Karl Hans Janke Kollaborativ
Heute die Welt, morgen das Sonnensystem!

dec 2009

Closed algebraic data types for Ruby

Today, a little detour off the path to world domination. Or maybe not; who knows.

I use Ruby at work and I guess it's pointless to deny that I regularly cringe at it for its rude failure at being just like Haskell. Even though, I have to admit that it is rather flexible:

Algebraic data types in Haskell look like this:

data Expr = Lam String Expr
          | App Expr Expr
          | Var String

It says that there are three kinds of expressions, called lambdas, applications and variables, consisting of the given data fields (e.g. a variable name and a body for lambdas, and so on). Operations on such a type are defined by giving cases for each kind of argument.

Off the shelf, there are no algebraic data types in Ruby. Google didn't find anything, so I thought about it.
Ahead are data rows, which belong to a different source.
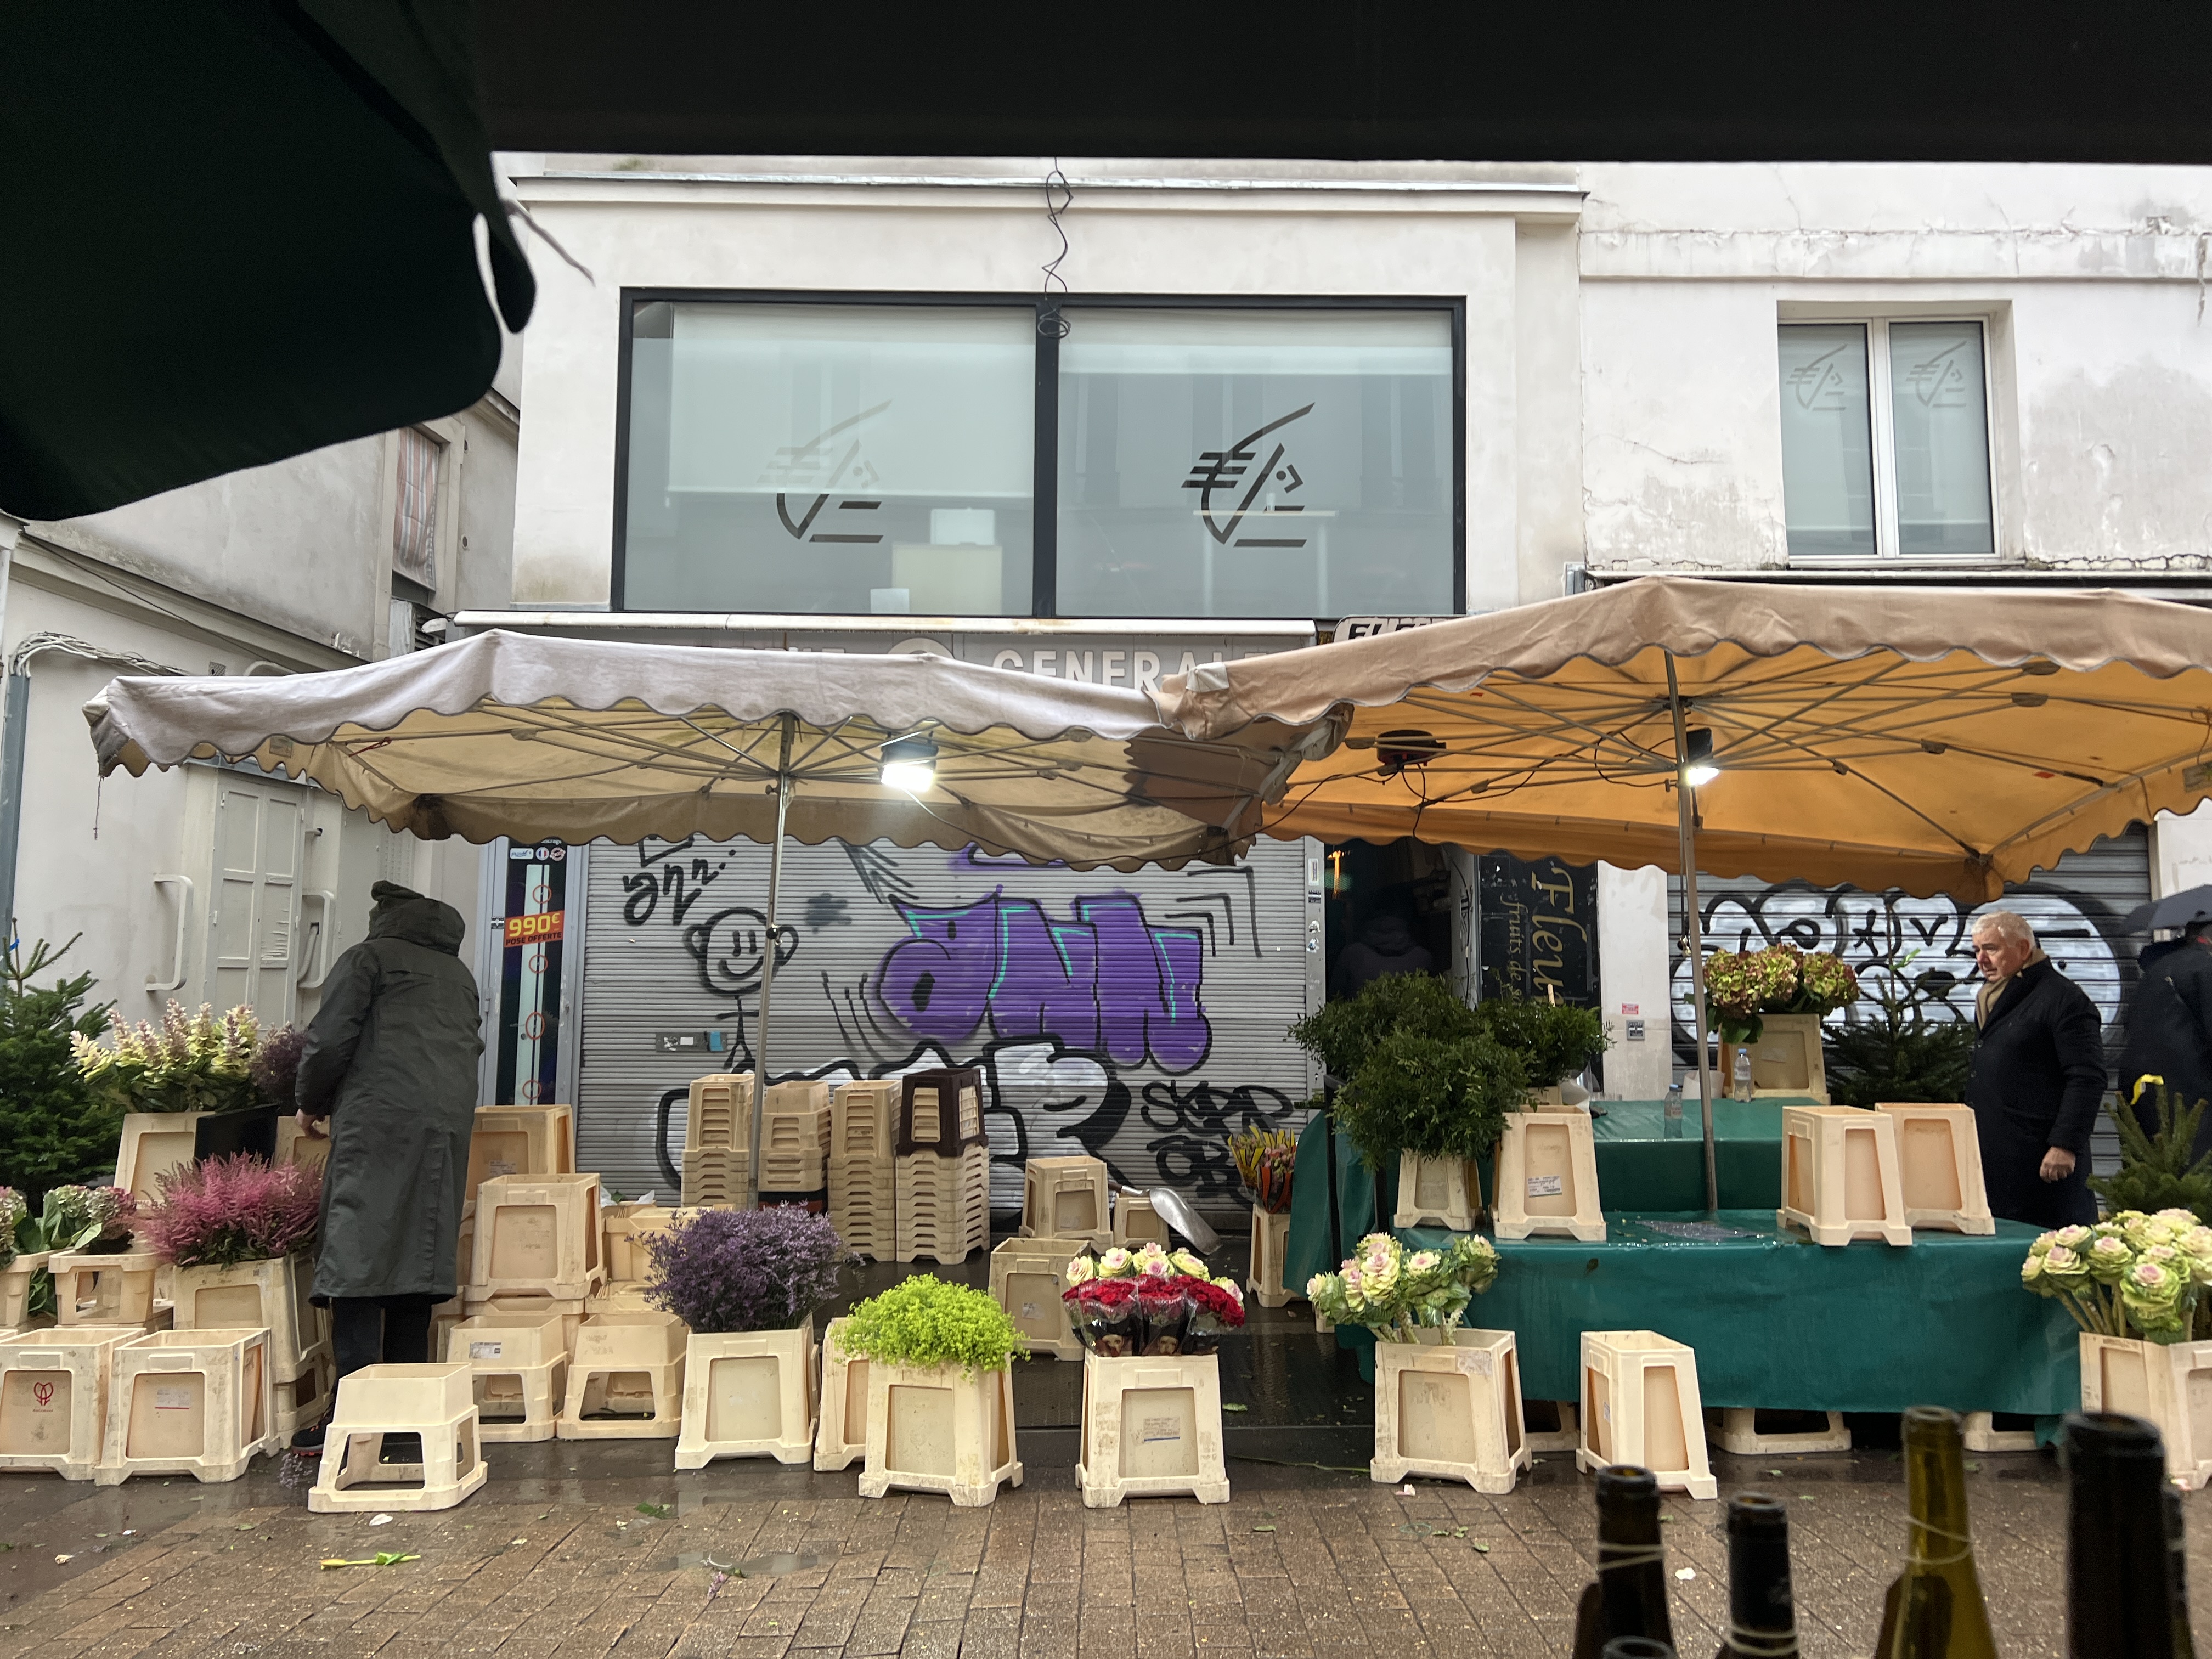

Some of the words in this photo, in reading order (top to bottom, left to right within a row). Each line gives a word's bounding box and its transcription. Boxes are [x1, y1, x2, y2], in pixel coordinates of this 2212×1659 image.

[992, 650, 1266, 691] GENERA
[509, 912, 560, 937] 990€
[505, 936, 526, 945] POSE
[528, 932, 562, 942] OFFERTE
[1509, 961, 1528, 981] de
With the right plumbing, it's possible to do the following:

class Expr
    ctor :lam, :var => String, :body => Expr
    ctor :app, :op => Expr, :arg => Expr
    ctor :var, :name => String
end

Not much longer and only slightly uglier! \o/ And with type checks, too.

The result is a class Expr with three singleton constructor methods, similar to the usual new. Each takes a single hash as its argument that assigns values to the relevant fields. All fields must be provided and their types must match the definition. For example:

id = Expr.lam(:var=>"x", :body=>Expr.var(:name=>"x"))   # (\x.x)
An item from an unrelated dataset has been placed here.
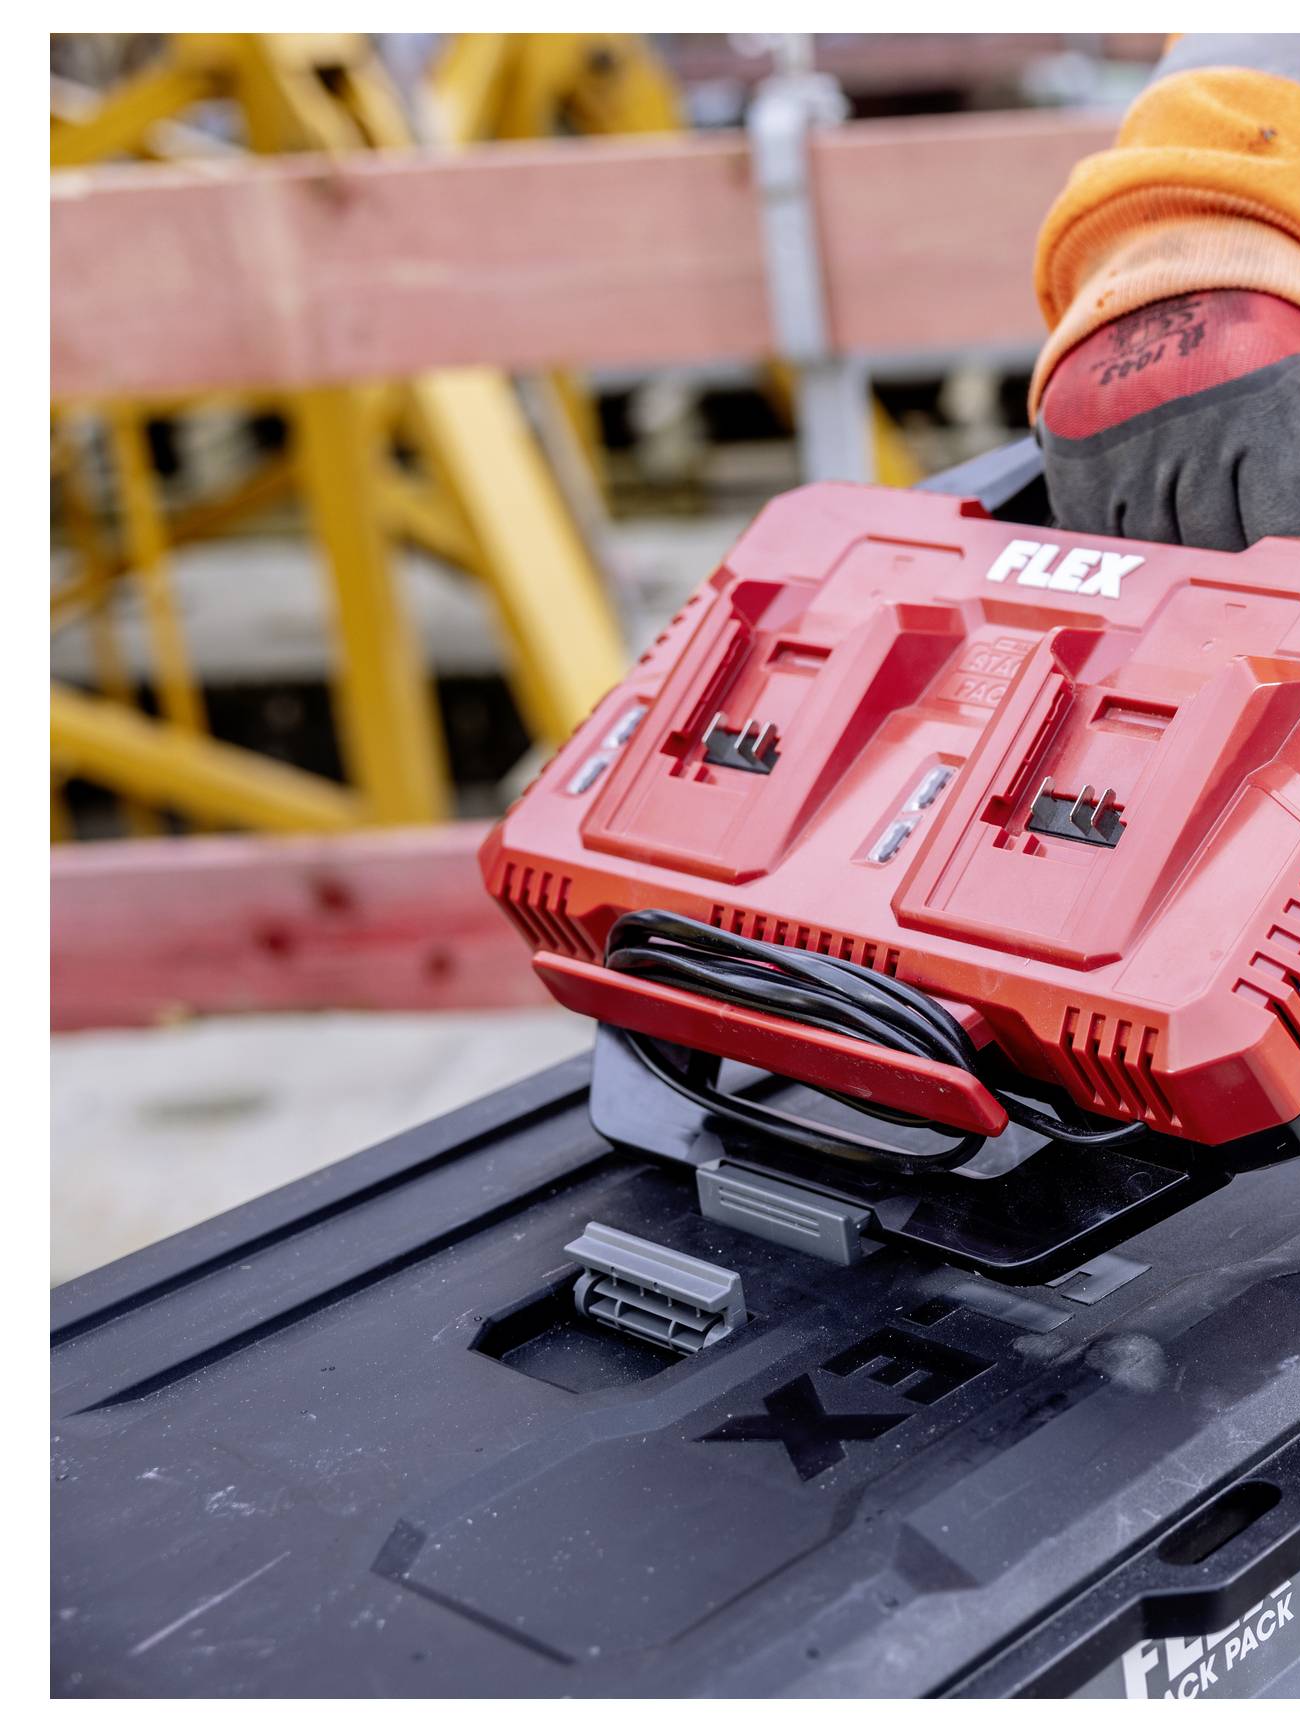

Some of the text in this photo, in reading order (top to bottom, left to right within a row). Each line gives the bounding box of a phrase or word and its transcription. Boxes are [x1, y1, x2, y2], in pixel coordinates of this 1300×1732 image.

[985, 539, 1147, 599] FLEX
[969, 650, 1022, 676] STA
[954, 678, 1009, 702] PAC
[1224, 1591, 1295, 1672] PACK
The ctor method defines accessors to the constructor tag and each field. A typical method definition on Exprs would look like this:

class Expr
    def eval(env={})
        if is_lam? then
            self
        elsif is_app? then
            f = op.eval(env)
            if f.is_lam?
                x = arg.eval(env)
                f.body.subst(f.var,x).eval
            else
                raise "operator is not a function"
            end
        elsif is_var? then
            env[name] || self
        end
    end
end

Obviously, this is in contrast to the object-oriented way of distributing operations on different kinds of things over respective (sub-) class definitions. Aside from being a matter of taste, I prefer the above in this case, because the definitions of evaluation for different kinds of expressions have to fit together. Their interaction is easier to view when the definition is in one place instead of scattered across multiple classes.
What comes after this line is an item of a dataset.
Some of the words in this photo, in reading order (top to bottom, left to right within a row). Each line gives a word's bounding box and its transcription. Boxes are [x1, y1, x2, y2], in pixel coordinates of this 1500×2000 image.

To the plumbing: Everything happens in ctor, which is singleton method of Class, so it can be used in a class definition (similar to convenience methods like attr_reader and such). The routine looks like this:

class Class
    def ctor(ctorname, argtypes)
        # add singleton constructor method to self
        self_ = (class << self; self; end)
        self_.module_eval do
            define_method(ctorname) do |argvalues|
                x = allocate

                # check argument types
                # [...]

                # fill instance variables of x
                x.instance_eval do
                    @ctor = ctorname
                    @args = argvalues
                end

                x
            end # constructor
        end # singleton methods of our ADT

        # inspection methods
        attr_reader :ctor
        attr_reader :args

        # define accessors and convenience methods on self
        # [...]
    end
end

The full source code along with a complete lambda evaluator is in the file attached below. The evaluator also supports destructive in-place updates, effectively yielding graph reduction.

Note: The copyright notice states isc license, meaning do whatever you want as long as you leave the notice intact.

Attachment: adt.rb

PS. Happy Birthday, you know who you are.